_Exercise description_:
Only the pictures are to be left out; return the rest of the data exactly as it stands.

_Exercise data_:
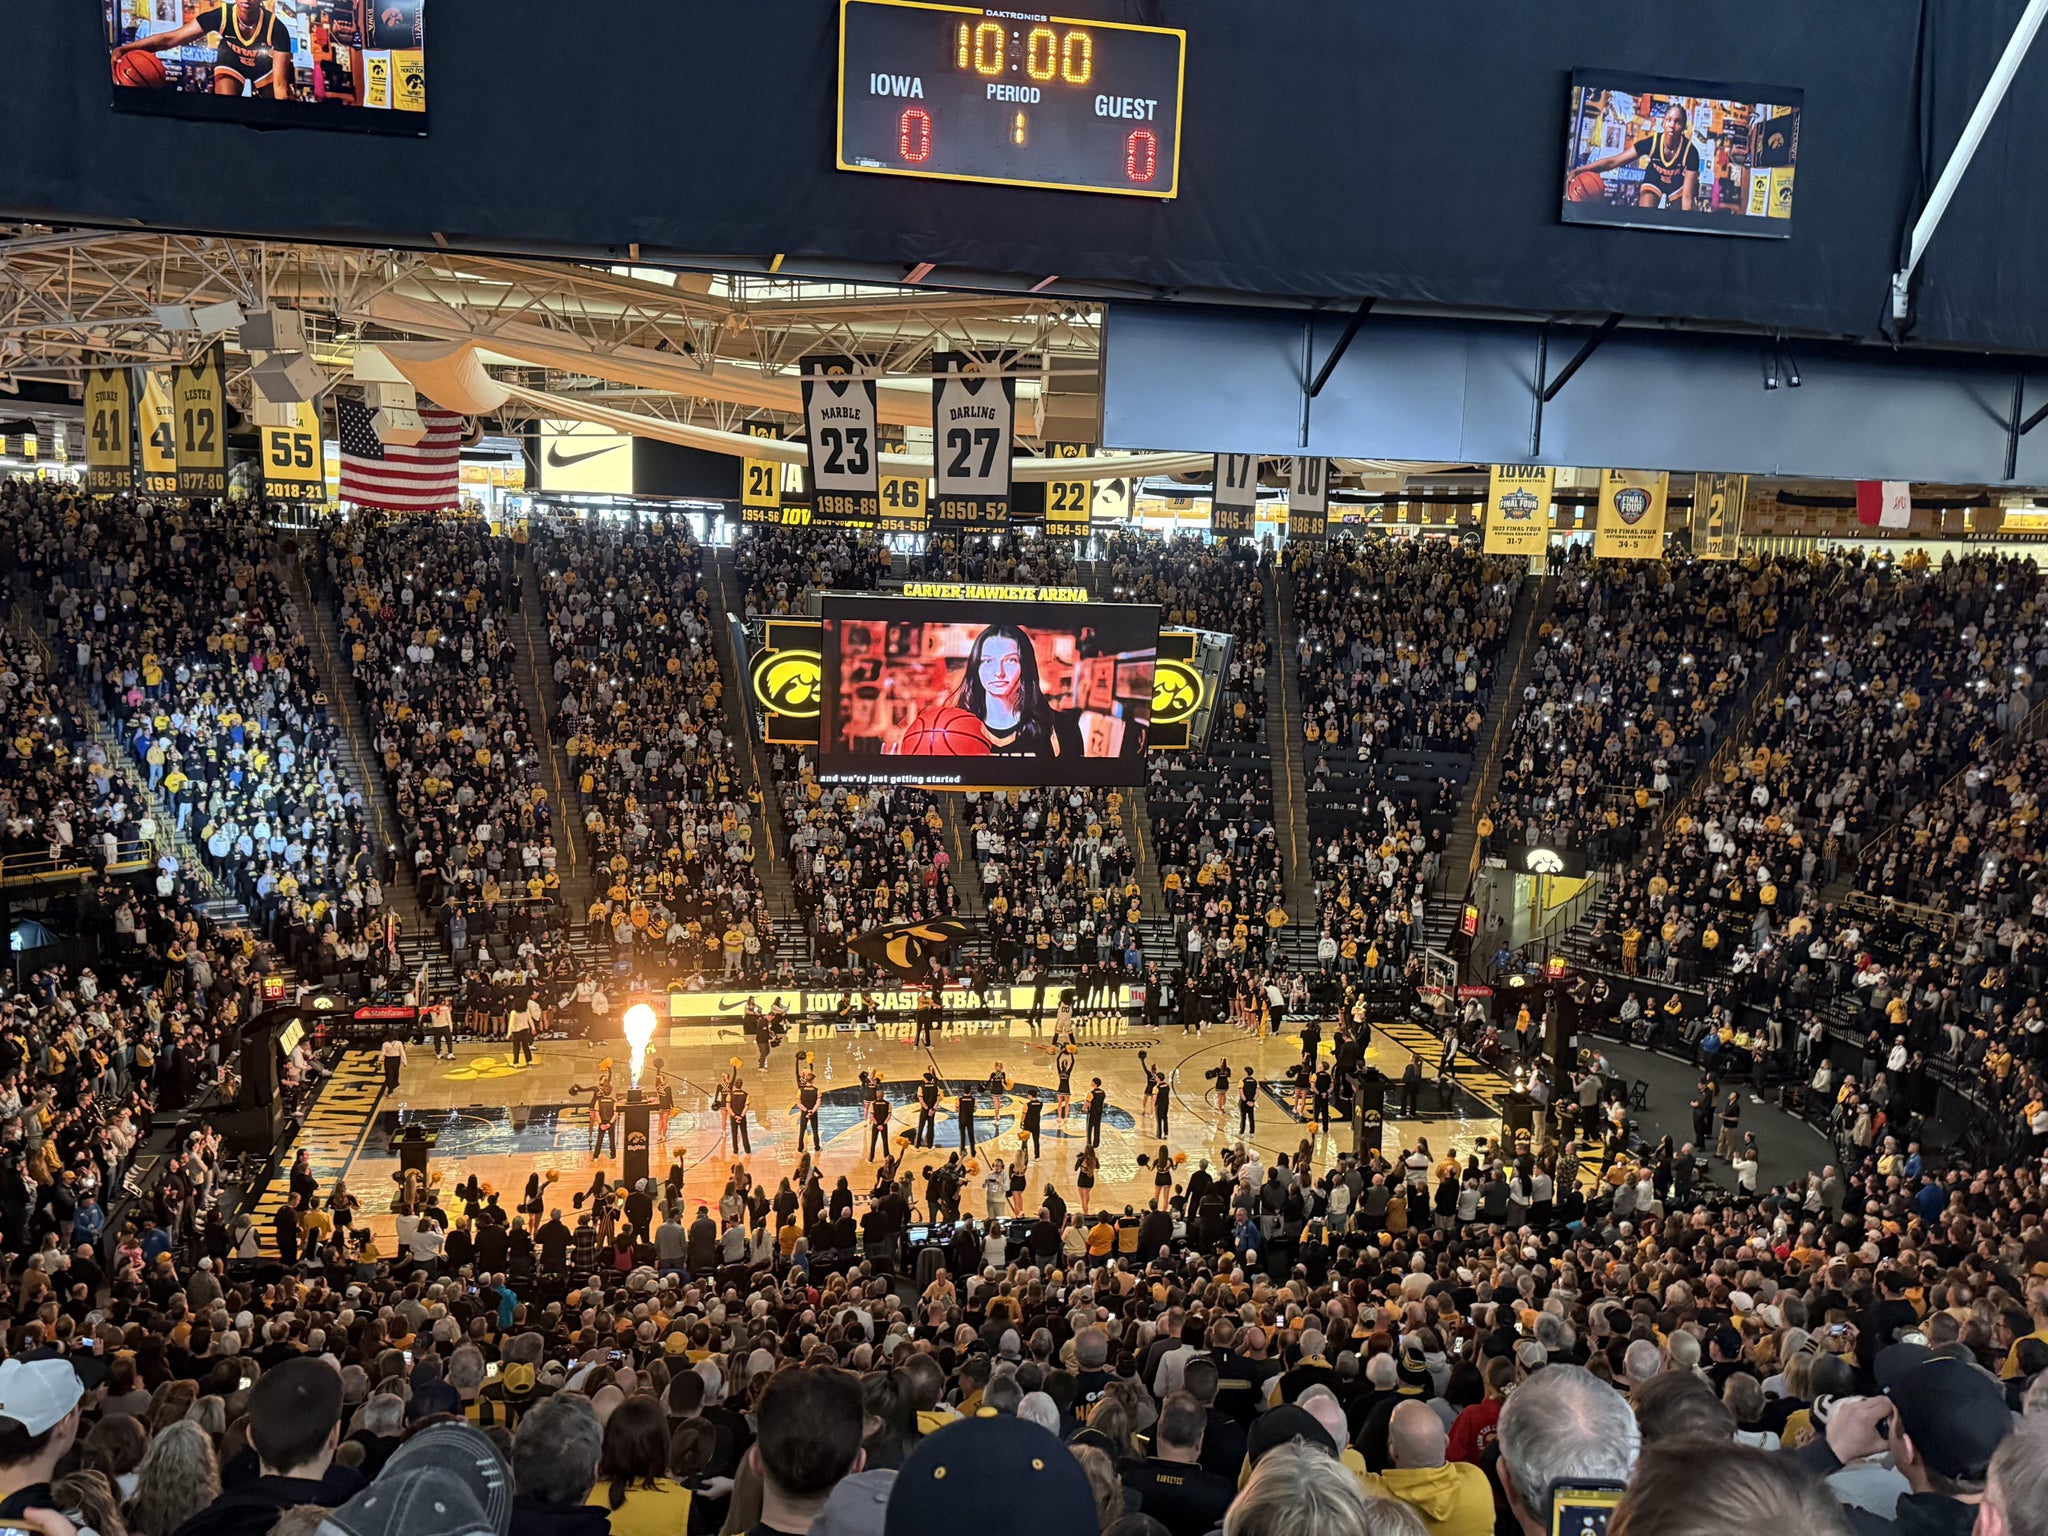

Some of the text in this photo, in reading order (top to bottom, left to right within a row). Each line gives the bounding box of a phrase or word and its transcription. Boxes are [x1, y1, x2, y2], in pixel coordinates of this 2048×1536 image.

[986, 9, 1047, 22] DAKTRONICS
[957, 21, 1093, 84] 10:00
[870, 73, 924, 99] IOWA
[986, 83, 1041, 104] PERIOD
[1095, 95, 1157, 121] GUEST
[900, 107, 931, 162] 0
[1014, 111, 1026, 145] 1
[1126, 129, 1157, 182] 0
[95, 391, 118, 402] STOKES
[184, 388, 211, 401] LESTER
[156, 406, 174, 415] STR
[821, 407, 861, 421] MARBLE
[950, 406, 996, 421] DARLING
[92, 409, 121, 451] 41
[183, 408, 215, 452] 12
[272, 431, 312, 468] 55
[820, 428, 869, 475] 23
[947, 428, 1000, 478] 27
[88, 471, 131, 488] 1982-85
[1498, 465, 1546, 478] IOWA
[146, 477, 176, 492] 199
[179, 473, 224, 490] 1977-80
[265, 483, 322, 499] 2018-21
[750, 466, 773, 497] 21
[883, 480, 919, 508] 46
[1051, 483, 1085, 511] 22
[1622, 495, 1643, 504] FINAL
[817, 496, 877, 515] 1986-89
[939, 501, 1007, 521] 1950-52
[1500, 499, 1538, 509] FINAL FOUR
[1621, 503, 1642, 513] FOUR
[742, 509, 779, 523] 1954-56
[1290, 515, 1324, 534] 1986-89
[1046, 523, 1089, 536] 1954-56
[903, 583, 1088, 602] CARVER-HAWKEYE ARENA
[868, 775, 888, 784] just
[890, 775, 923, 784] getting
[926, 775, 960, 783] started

_Solution_:
Some of the text in this photo, in reading order (top to bottom, left to right within a row). Each line gives the bounding box of a phrase or word and its transcription. Boxes are [x1, y1, x2, y2], in pixel coordinates of this 2048×1536 image.

[986, 9, 1047, 22] DAKTRONICS
[957, 21, 1093, 84] 10:00
[870, 73, 924, 99] IOWA
[986, 83, 1041, 104] PERIOD
[1095, 95, 1157, 121] GUEST
[900, 107, 931, 162] 0
[1014, 111, 1026, 145] 1
[1126, 129, 1157, 182] 0
[95, 391, 118, 402] STOKES
[184, 388, 211, 401] LESTER
[156, 406, 174, 415] STR
[821, 407, 861, 421] MARBLE
[950, 406, 996, 421] DARLING
[92, 409, 121, 451] 41
[183, 408, 215, 452] 12
[272, 431, 312, 468] 55
[820, 428, 869, 475] 23
[947, 428, 1000, 478] 27
[88, 471, 131, 488] 1982-85
[1498, 465, 1546, 478] IOWA
[146, 477, 176, 492] 199
[179, 473, 224, 490] 1977-80
[265, 483, 322, 499] 2018-21
[750, 466, 773, 497] 21
[883, 480, 919, 508] 46
[1051, 483, 1085, 511] 22
[1622, 495, 1643, 504] FINAL
[817, 496, 877, 515] 1986-89
[939, 501, 1007, 521] 1950-52
[1500, 499, 1538, 509] FINAL FOUR
[1621, 503, 1642, 513] FOUR
[742, 509, 779, 523] 1954-56
[1290, 515, 1324, 534] 1986-89
[1046, 523, 1089, 536] 1954-56
[903, 583, 1088, 602] CARVER-HAWKEYE ARENA
[868, 775, 888, 784] just
[890, 775, 923, 784] getting
[926, 775, 960, 783] started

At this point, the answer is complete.